Common Core State Standards
||Integrate and evaluate multiple sources of information presented in different media or formats (e.g., visually, quantitatively) as well as in words in order to address a question or solve a problem.|
|CCSS.ELA-LITERACY.RI.11-12.1||Cite strong and thorough textual evidence to support analysis of what the text says explicitly as well as inferences drawn from the text, including determining where the text leaves matters uncertain.|
|CCSS.ELA-LITERACY.SL.11-12.1.C||Propel conversations by posing and responding to questions that probe reasoning and evidence; ensure a hearing for a full range of positions on a topic or issue; clarify, verify, or challenge ideas and conclusions; and promote divergent and creative perspectives. Work with peers to promote civil, democratic discussions and decision-making, set clear goals and deadlines, and establish individual roles as needed.|
Materials / resources
Internet access and student computers if available
Blackboard or whiteboard
Teacher laptop and digital projector
Handout: Ethics Takedown Demands
1. Warm up—5 minutes
Ask students to consider what they would do if they edited an online news site and someone requested them remove a story he or she was quoted in. Would they comply with the request? Write down your decision and reasoning.
2. Large group—20 minutes
Students should use computers to read the following online articles individually or in pairs:
– Takedown demands? Here is a roadmap of choices, rationale on JEA’s Scholastic Press Rights Committee site; and
– Responding to Takedown Demands on the SPLC’s site
Have students take notes on the articles using the Ethics Takedown Demands Worksheet preparation for class discussion. This will prepare students to develop guidelines for a staff and ethics manuals in a later lesson.
3. Whole group—15 minutes
Discuss the following, taking notes on a whiteboard:
• What are legal considerations for taking down coverage?
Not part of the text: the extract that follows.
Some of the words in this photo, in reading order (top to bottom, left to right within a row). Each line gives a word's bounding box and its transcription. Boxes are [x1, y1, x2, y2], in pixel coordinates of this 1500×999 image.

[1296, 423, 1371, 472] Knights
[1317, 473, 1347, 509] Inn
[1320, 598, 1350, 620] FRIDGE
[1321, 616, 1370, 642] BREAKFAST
• What are ethical considerations for down coverage?
• Which arguments make the most sense for your student media?
• Which alternatives create the most logical solutions for your media?
• What types of requests might lead to information removal?
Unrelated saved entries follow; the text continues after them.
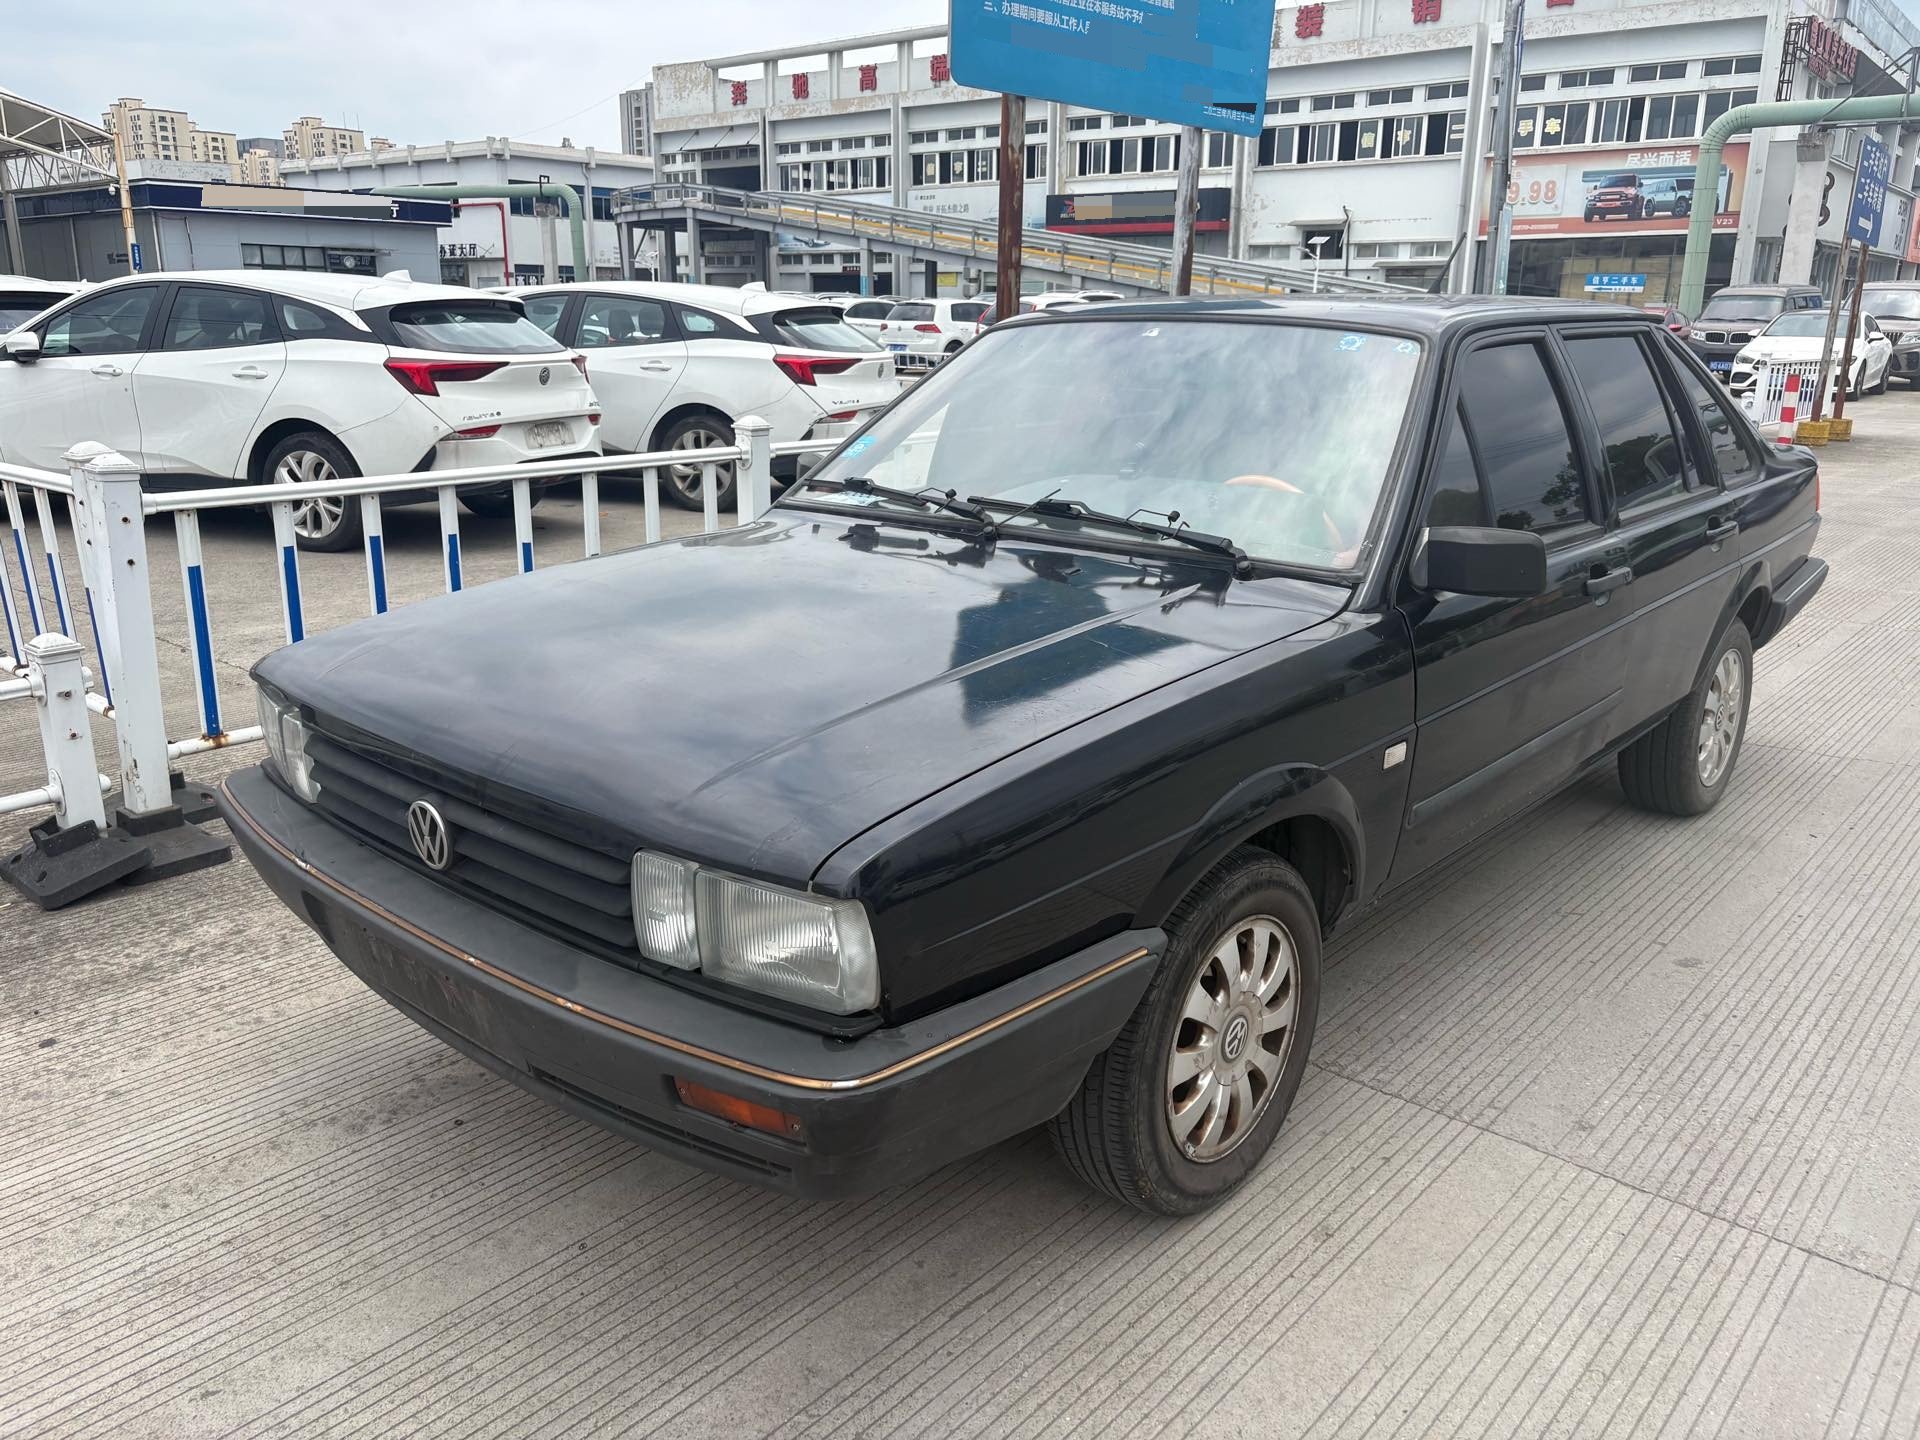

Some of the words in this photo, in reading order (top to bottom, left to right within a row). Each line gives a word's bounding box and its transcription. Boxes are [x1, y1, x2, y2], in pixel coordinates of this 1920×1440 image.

[731, 54, 950, 106] 奔驰高端
[1624, 150, 1693, 168] 尽兴而活
[1506, 179, 1557, 205] 9.98
[1716, 218, 1734, 226] V23
[440, 243, 477, 258] 办证大厅
• Other thoughts as locally developed.
The class will return to the answers they gave in the warm up. How and why did their answers change? As a class, create a checklist for how, given their new knowledge, students might grade or evaluate the original answer. What keywords would they look for? What kinds of arguments or analysis? Using that checklist as a guide, ask students to go back and “grade” their initial answer, then rewrite it to earn a better evaluation according to the class’s checklist.